Consistent with this thinking, FAI must therefore itself, at each level, be envisaged as an ecological creation – one that invokes care and justice across both human and more than human contexts. This is consistent with Barad’s thinking discussed in my prior post  – which suggests engaging/energising  ‘wave-like’ motions through the work rather than working with individual sampled data points – an analogy that presents analog complex change in the site (intra-actions) over time through an analog mediums,  as opposed to a focus upon individual ‘particles’ or binary states. This intention to create an artwork invoking a connective, wave-like, analog, computational structures across the reforestation site, raises the possibility that the creation might be better able to resonate with the  mystery and unknowability of  the site’s innumerable intelligences.

FAI should hence resonate with, rather than seek to directly model or represent the natural intelligences at the site.  Bridle gives an example:  complex actions of systems fed via electrically powered agitators to create complex, multiple ripples in a bucket of water – which, he says, is a form of ‘pre-processing’ that  allows complexity to become somehow readable to us.

Consistent with Bridle’s thinking therefore, FAI’s (analog) works should embody three tendencies:  ‘non-binary’, ‘decentralised’ and ‘unknowing’.

  • ‘non-binary’
    Just as ‘man’ and ‘woman’ don’t reflect the full diversity of human experience, neither can 1’s and 0’s, or digital samplings of the ecological richness of the biological (analog) world. To act with justice and care towards humans, and more than humans, it’s critical to eschew the binaries that foreground contemporary computing/thinking/creation and allow our ideas/machines/artworks, through their design, to do likewise. 
  • ‘decentralized’
    We are not the most important species or the focus for everything else, but simply a specialised, equal part of a vast more than human world – within which everything is equally evolved (Ref Lyn Margulis). We should ask how can we design our actions and the constituent tools/artworks we create to become contributions to, and mediations with everything else – as opposed to considering what we do as “unique, and uniquely, powerful, artefacts of human superiority”. Decentralisation acknowledges the power of communal, cooperative undertakings, intra-actions/becoming- togethers that foster outcomes greater than their parts. In this way of thinking, actual power must also be transparently shared rather than centralised. 
  • ‘unknowing’
    This requires us to comfortably acknowledge limitations of that which we are able to know, and respect rather than ignore or erase that which is beyond our understanding. Rather than considering unknowing as a form of  helplessness we should rather trust our ability to navigate a complex, ever-shifting landscape that we cannot control. (e.g. traditional cosmologies used ritual and respect for non-human beings to enable their survival.
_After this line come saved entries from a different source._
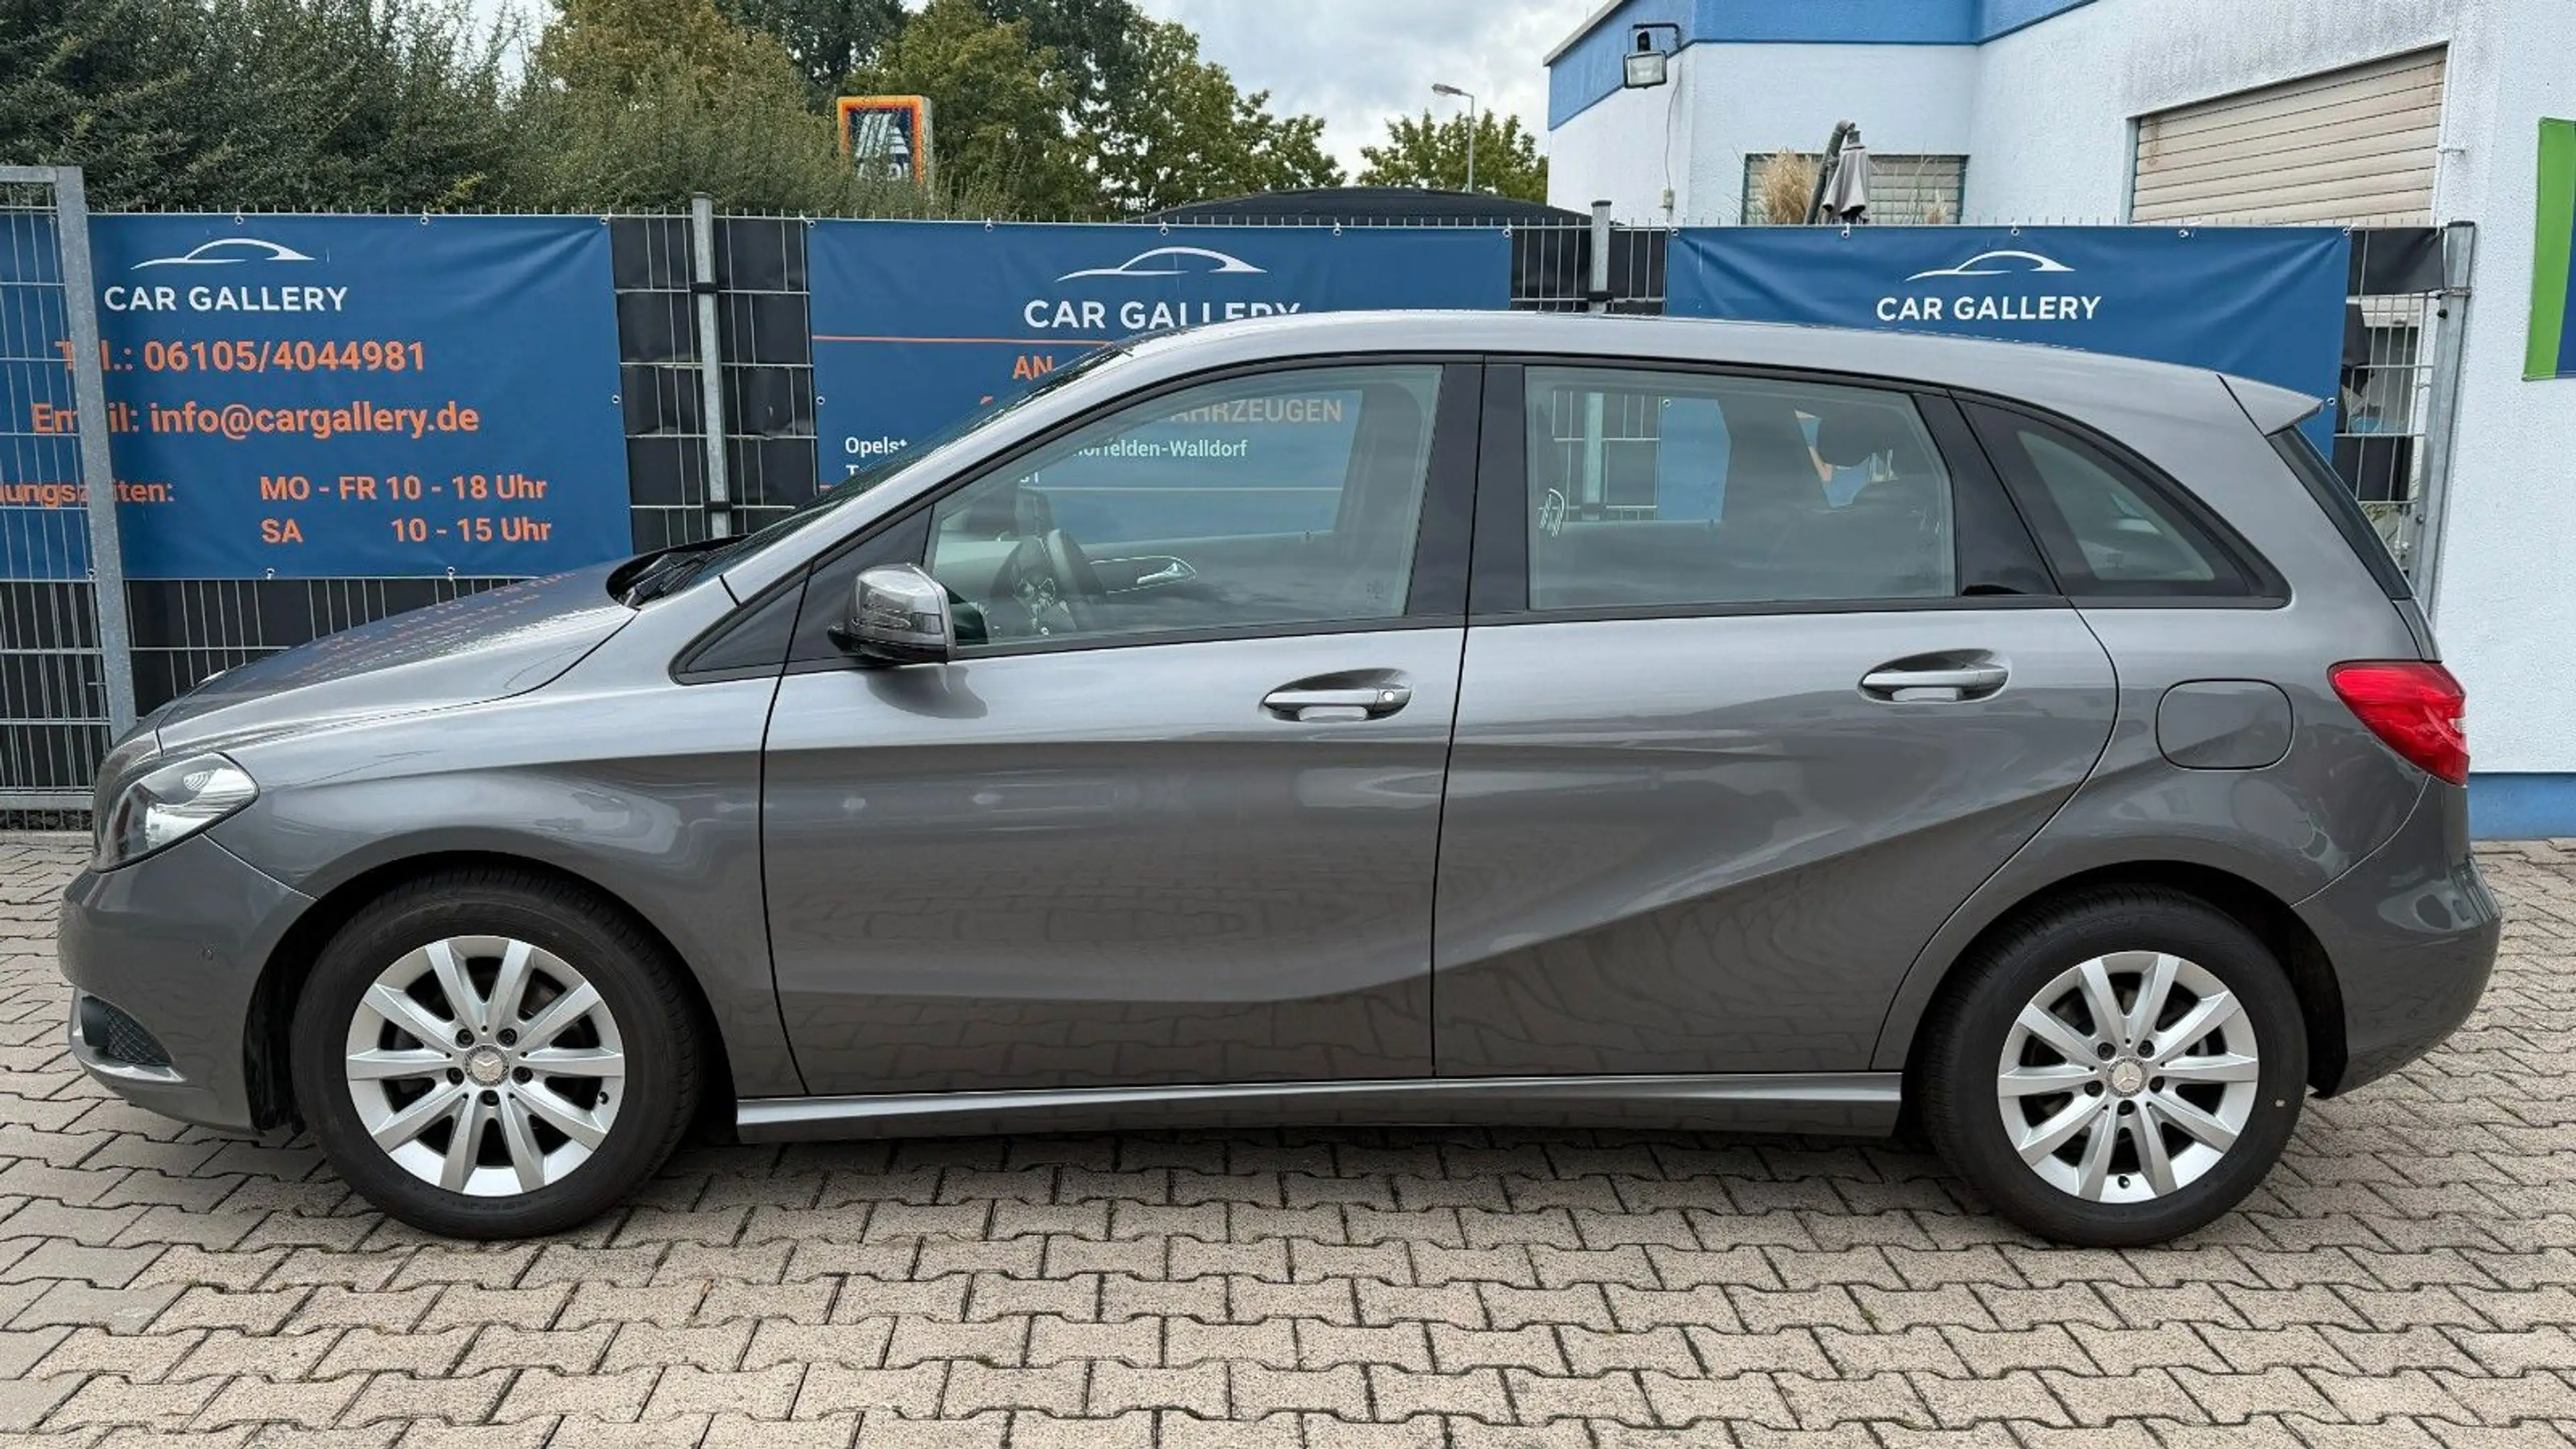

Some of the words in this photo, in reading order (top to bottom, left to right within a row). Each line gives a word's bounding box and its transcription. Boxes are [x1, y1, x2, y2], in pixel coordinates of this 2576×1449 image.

[105, 287, 176, 310] CAR
[189, 286, 347, 311] GALLERY
[1876, 297, 1943, 321] CAR
[1953, 296, 2102, 320] GALLERY
[1024, 300, 1106, 328] CAR
[54, 340, 133, 372] Tl.:
[144, 341, 425, 373] 06105/4044981
[32, 402, 140, 433] Emil:
[150, 400, 479, 440] info@cargallery.de
[1169, 399, 1342, 423] AHRZEUGEN
[260, 476, 311, 500] MO
[339, 476, 378, 500] FR
[386, 475, 422, 500] 10
[452, 475, 488, 500] 18
[496, 474, 547, 499] Uhr
[260, 519, 303, 543] SA
[391, 518, 427, 542] 10
[457, 517, 493, 542] 15
[501, 517, 551, 542] Uhr
(Note to self) The pre-used term ecological niche in the original description of the work  may therefore not be the right terminology –  as it is often thought of as a “job” or “role” in an ecosystem. The idea that just as individuals have specific roles in society (e.g., doctors, teachers, farmers), species have specific roles in their environment now seems inconsistent with the design.
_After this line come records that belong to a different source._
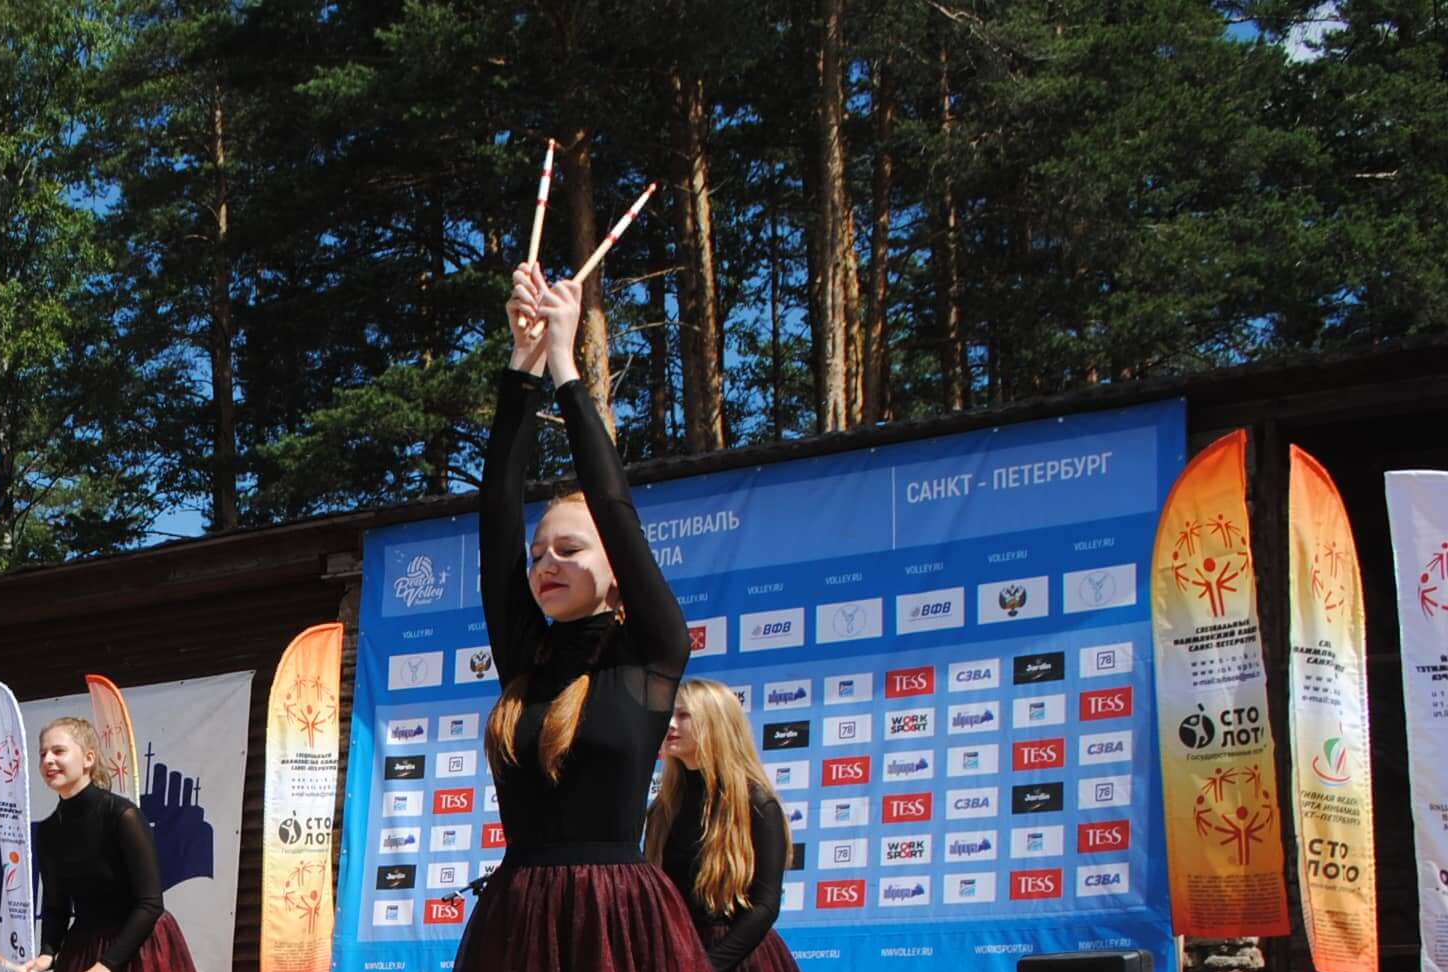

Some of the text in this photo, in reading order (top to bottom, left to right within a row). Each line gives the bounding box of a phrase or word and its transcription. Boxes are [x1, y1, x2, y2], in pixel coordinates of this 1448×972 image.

[906, 474, 972, 504] САНКТ
[992, 452, 1113, 490] ПЕТЕРБУРГ
[921, 601, 951, 617] ВФВ
[763, 621, 791, 635] ВФВ
[894, 672, 927, 692] TESS
[1088, 693, 1125, 714] TESS
[891, 714, 928, 727] WORK
[1220, 706, 1260, 726] СТО
[842, 724, 853, 736] 78
[1221, 727, 1264, 747] ЛОТ
[1020, 744, 1057, 765] TESS
[830, 762, 864, 780] TESS
[440, 794, 468, 809] TESS
[891, 799, 925, 817] TESS
[306, 817, 332, 830] СТО
[304, 833, 332, 845] ЛОТ
[488, 828, 505, 843] TE
[1086, 826, 1122, 847] TESS
[887, 840, 924, 851] WORK
[1308, 838, 1349, 859] СТО
[838, 850, 848, 859] 78
[1017, 873, 1055, 894] TESS
[1084, 873, 1121, 887] СЗВА
[824, 885, 858, 903] TESS
[432, 903, 459, 919] TESS
An Initial Punt at Artwork Components
These are the potential components of the artwork on site:  4-5 ART Intelligence installations + scientific instrumentation equivalent to that used elsewhere at SERF,  at the following locations.

Proposed Sites for Artwork and Sci Instrumentation, May 2023, (Image Keith Armstrong)

Site 1  An emerging, self-seeded tree site on the regeneration bank, within easy reach of the central access path on the sloping bank. (Surface emergence):

Site 2: The current forest edge – suggesting old and new integration (Relational emergence)

Site 3: The ephemeral pond in the wet gulley
(Temporal emergence)

Site 4: Single transect at the Southern/road side end
(Subsoil emergence)

Site 5: Multiple transects along the wet gulley
(Subsoil emergence)

Fungal Transects (A/Prof Caroline Hauxwell’s project)
For each 50 m transects, 0.25×0.25m plots were sampled along the site: First sample point was on the outside of the now recovering area. The next three consecutively within the previously burnt area and the 5th sample outside on other side of the burnt area.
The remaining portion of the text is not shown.